** Extracted entries follows **

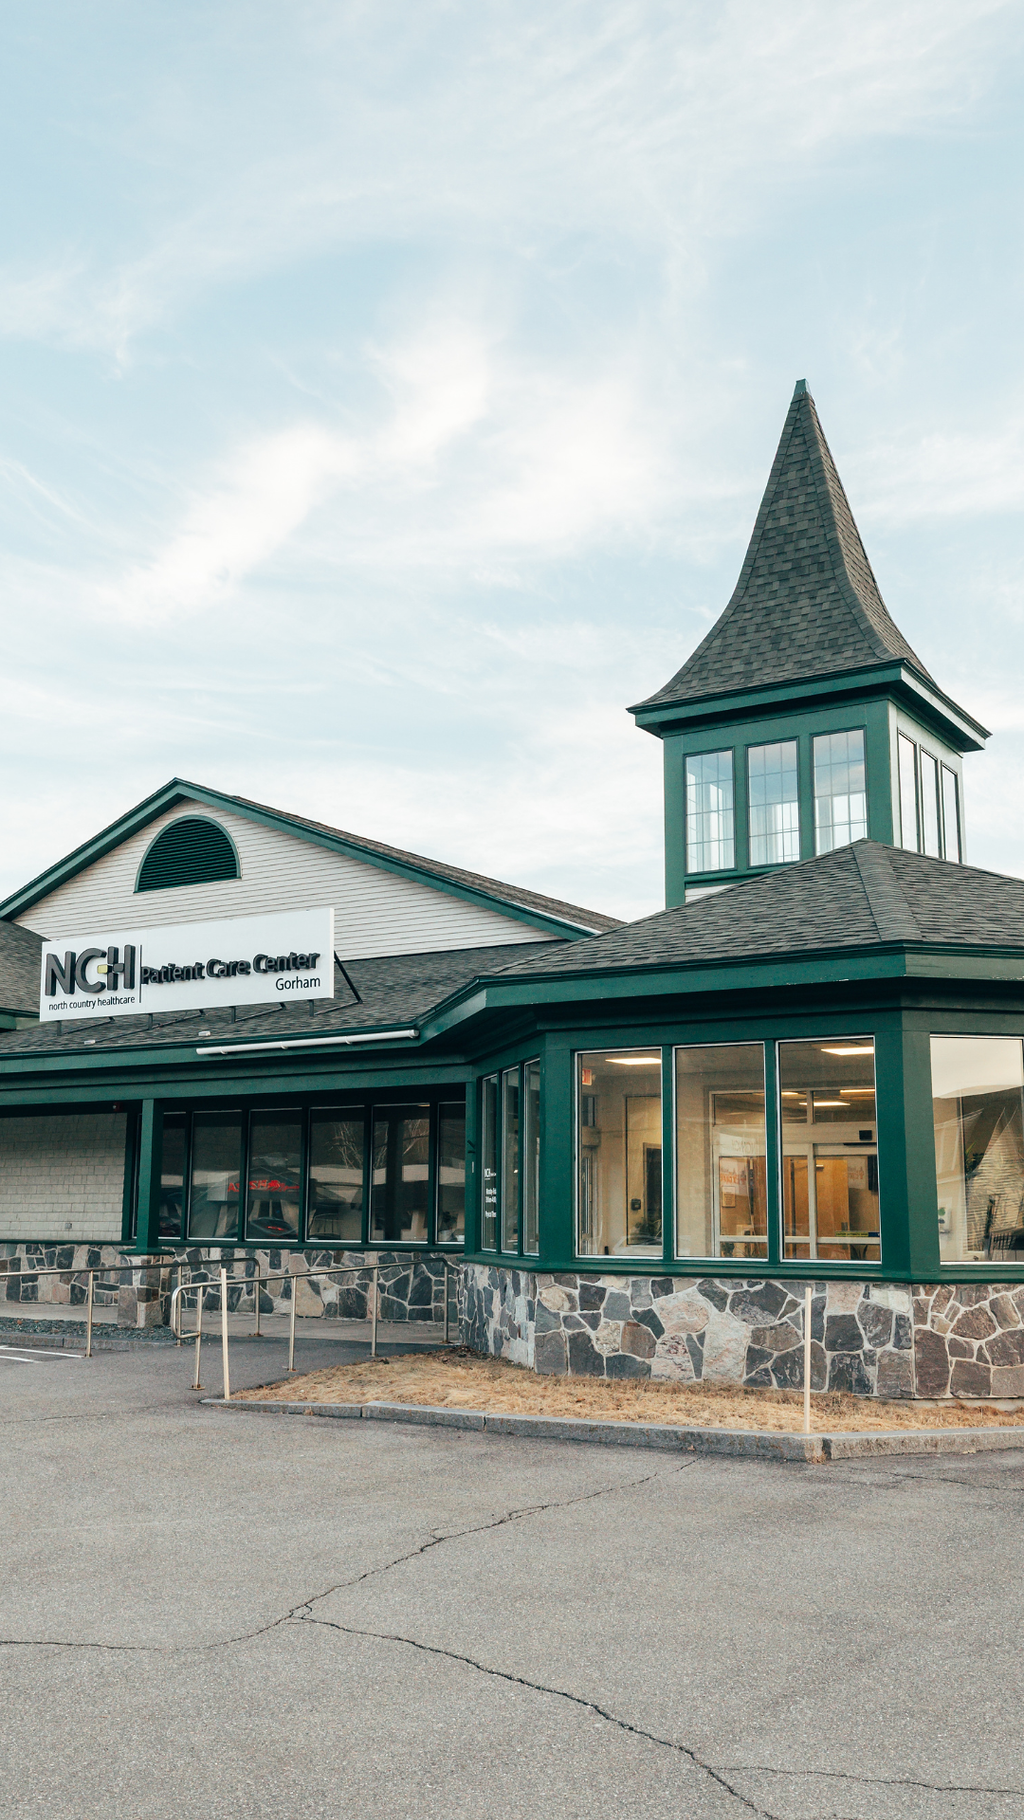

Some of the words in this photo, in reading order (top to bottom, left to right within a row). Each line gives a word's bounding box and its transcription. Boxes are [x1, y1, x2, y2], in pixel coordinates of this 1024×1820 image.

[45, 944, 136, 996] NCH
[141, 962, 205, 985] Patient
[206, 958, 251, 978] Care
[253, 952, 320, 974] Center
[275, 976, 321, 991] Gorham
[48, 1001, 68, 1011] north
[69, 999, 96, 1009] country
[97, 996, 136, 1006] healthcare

** End of Extracted entries **

● **Task**
Could you write out the records again exactly, omitting each image?

● **Worked solution**
Some of the words in this photo, in reading order (top to bottom, left to right within a row). Each line gives a word's bounding box and its transcription. Boxes are [x1, y1, x2, y2], in pixel coordinates of this 1024×1820 image.

[45, 944, 136, 996] NCH
[141, 962, 205, 985] Patient
[206, 958, 251, 978] Care
[253, 952, 320, 974] Center
[275, 976, 321, 991] Gorham
[48, 1001, 68, 1011] north
[69, 999, 96, 1009] country
[97, 996, 136, 1006] healthcare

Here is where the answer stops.